EXTRACTED INFORMATION –
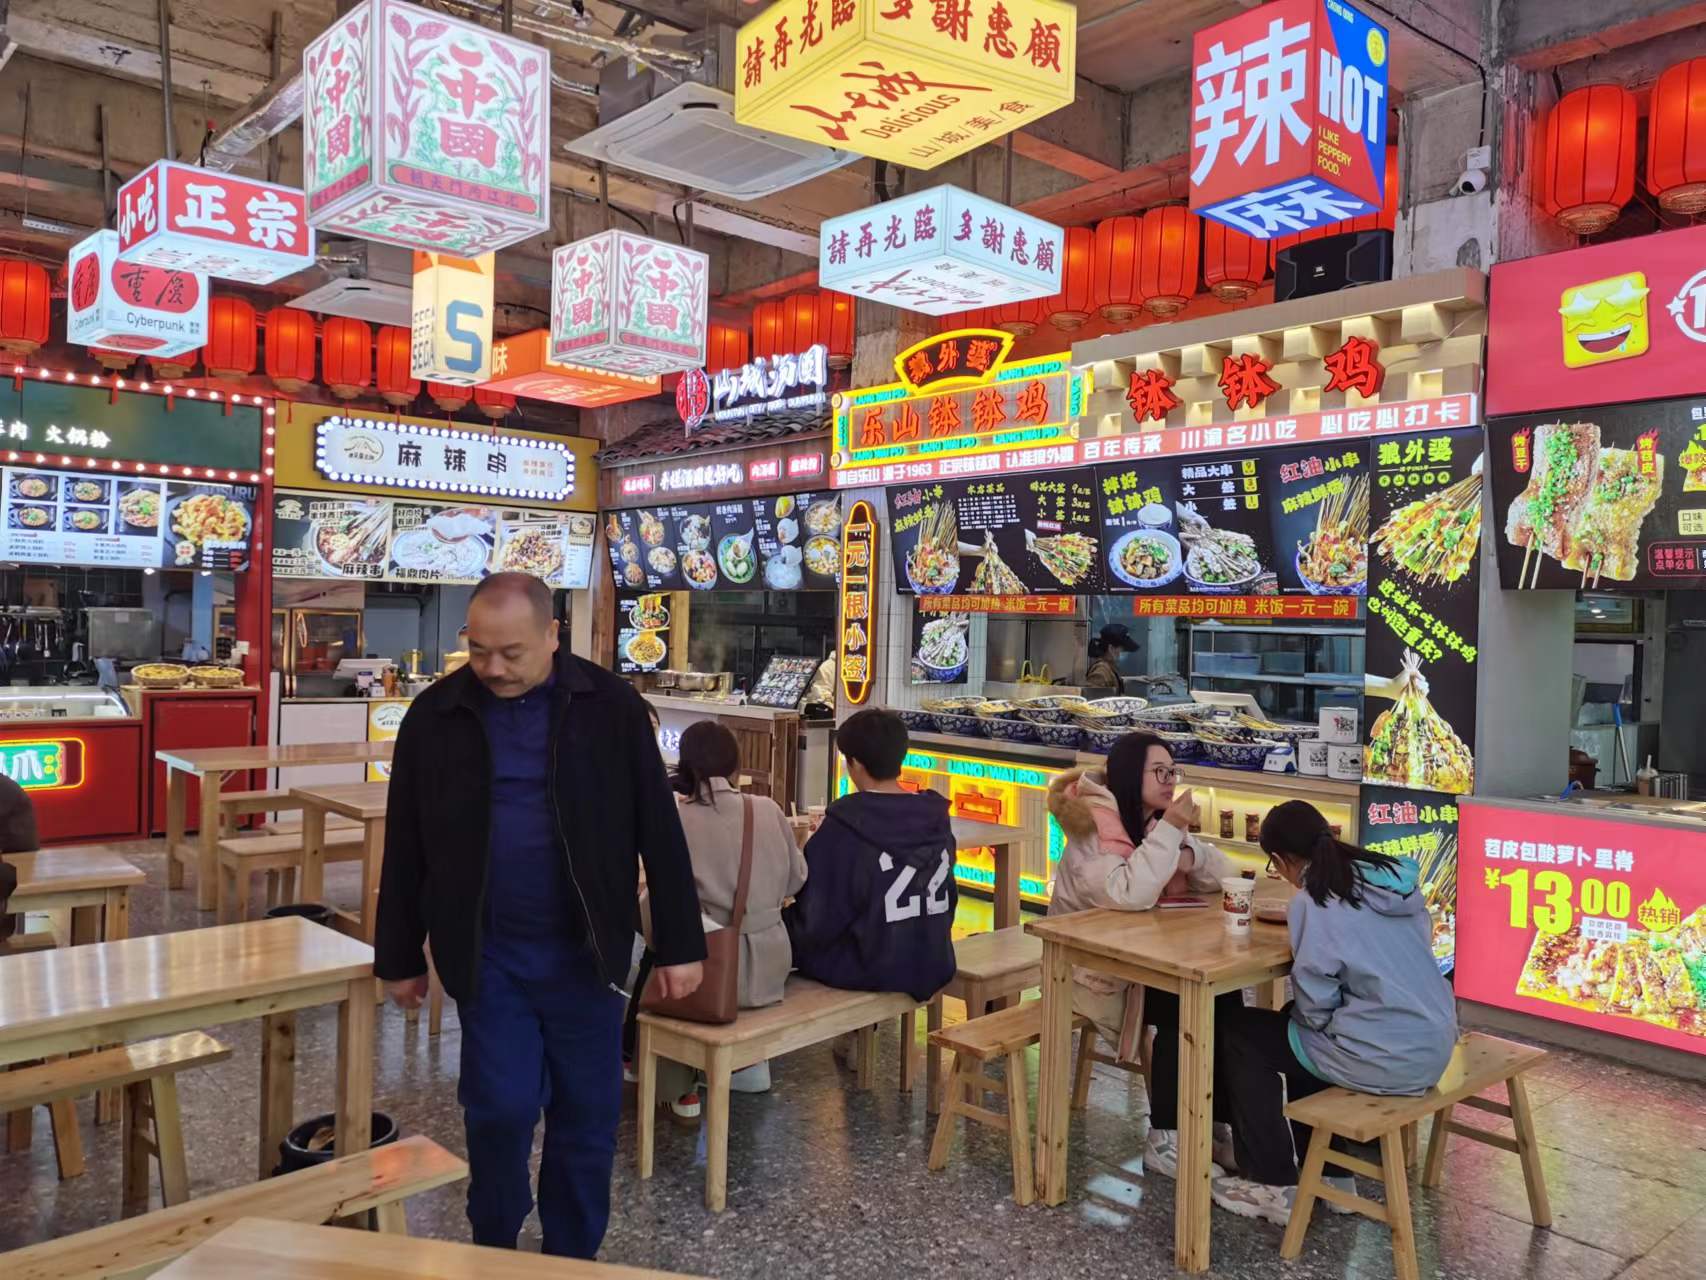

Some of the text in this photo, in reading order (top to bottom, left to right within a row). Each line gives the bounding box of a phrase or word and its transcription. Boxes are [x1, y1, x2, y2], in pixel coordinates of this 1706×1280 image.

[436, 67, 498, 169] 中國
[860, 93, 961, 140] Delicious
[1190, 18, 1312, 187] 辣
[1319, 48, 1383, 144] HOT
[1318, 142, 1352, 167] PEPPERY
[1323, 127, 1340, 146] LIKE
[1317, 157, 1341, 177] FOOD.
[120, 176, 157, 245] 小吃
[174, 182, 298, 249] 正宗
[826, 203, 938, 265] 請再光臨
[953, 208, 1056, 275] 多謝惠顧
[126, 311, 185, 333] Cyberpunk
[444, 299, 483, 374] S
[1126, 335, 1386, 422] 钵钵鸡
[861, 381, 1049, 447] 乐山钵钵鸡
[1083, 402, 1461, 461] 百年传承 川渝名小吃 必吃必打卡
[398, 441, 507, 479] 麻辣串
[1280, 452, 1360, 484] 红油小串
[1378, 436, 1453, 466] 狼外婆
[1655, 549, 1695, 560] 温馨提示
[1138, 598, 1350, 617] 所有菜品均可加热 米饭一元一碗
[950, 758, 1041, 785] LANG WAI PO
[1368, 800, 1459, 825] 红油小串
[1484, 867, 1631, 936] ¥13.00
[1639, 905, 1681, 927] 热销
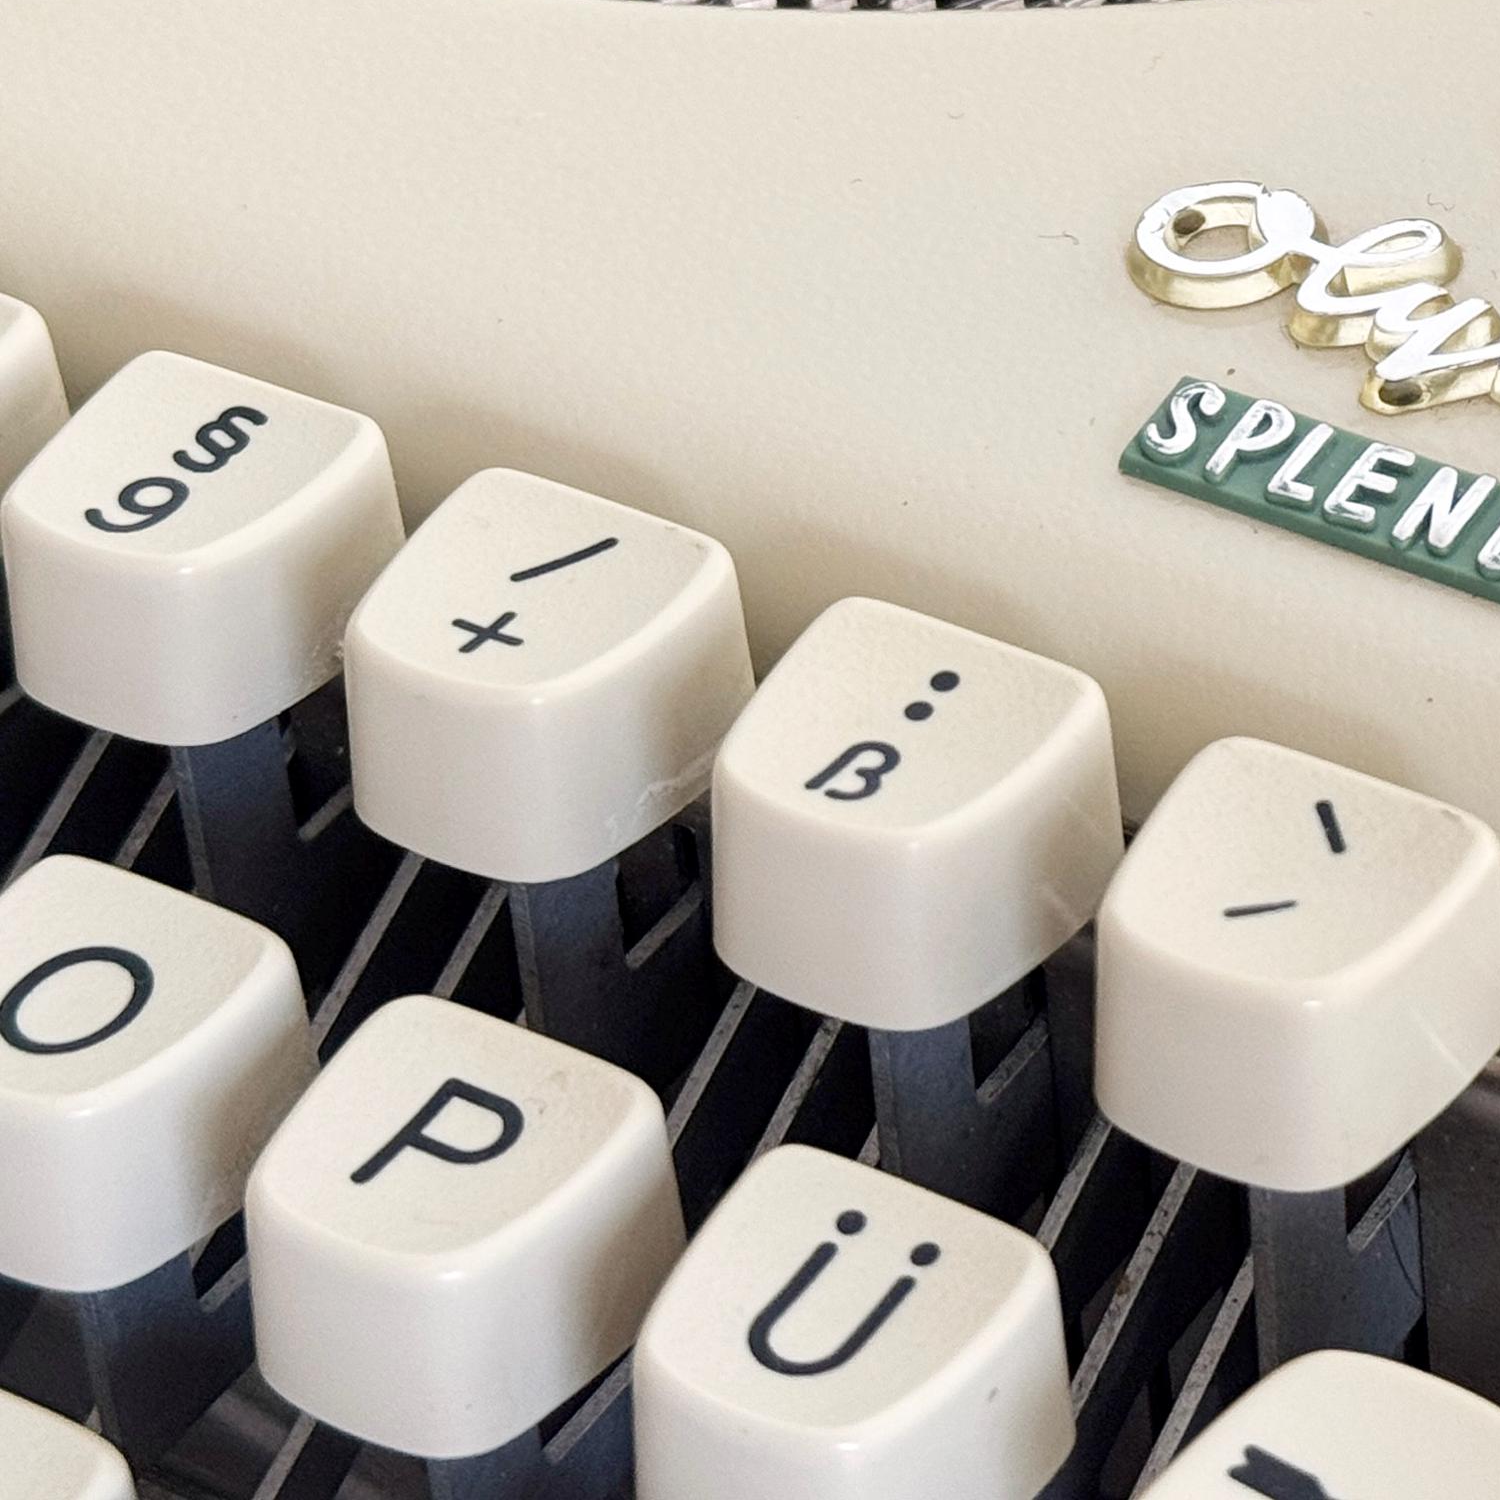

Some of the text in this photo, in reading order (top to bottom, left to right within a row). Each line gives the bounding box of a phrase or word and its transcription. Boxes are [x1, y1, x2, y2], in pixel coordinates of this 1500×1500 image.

DIRECTIONS – The entries above, every one of them, should be retyped exactly, with no pictures carried over.

FINISHED TASK –
Some of the text in this photo, in reading order (top to bottom, left to right within a row). Each line gives the bounding box of a phrase or word and its transcription. Boxes are [x1, y1, x2, y2], in pixel coordinates of this 1706×1280 image.

[436, 67, 498, 169] 中國
[860, 93, 961, 140] Delicious
[1190, 18, 1312, 187] 辣
[1319, 48, 1383, 144] HOT
[1318, 142, 1352, 167] PEPPERY
[1323, 127, 1340, 146] LIKE
[1317, 157, 1341, 177] FOOD.
[120, 176, 157, 245] 小吃
[174, 182, 298, 249] 正宗
[826, 203, 938, 265] 請再光臨
[953, 208, 1056, 275] 多謝惠顧
[126, 311, 185, 333] Cyberpunk
[444, 299, 483, 374] S
[1126, 335, 1386, 422] 钵钵鸡
[861, 381, 1049, 447] 乐山钵钵鸡
[1083, 402, 1461, 461] 百年传承 川渝名小吃 必吃必打卡
[398, 441, 507, 479] 麻辣串
[1280, 452, 1360, 484] 红油小串
[1378, 436, 1453, 466] 狼外婆
[1655, 549, 1695, 560] 温馨提示
[1138, 598, 1350, 617] 所有菜品均可加热 米饭一元一碗
[950, 758, 1041, 785] LANG WAI PO
[1368, 800, 1459, 825] 红油小串
[1484, 867, 1631, 936] ¥13.00
[1639, 905, 1681, 927] 热销

Some of the text in this photo, in reading order (top to bottom, left to right within a row). Each line gives the bounding box of a phrase or word and its transcription. Boxes are [x1, y1, x2, y2], in pixel coordinates of this 1500×1500 image.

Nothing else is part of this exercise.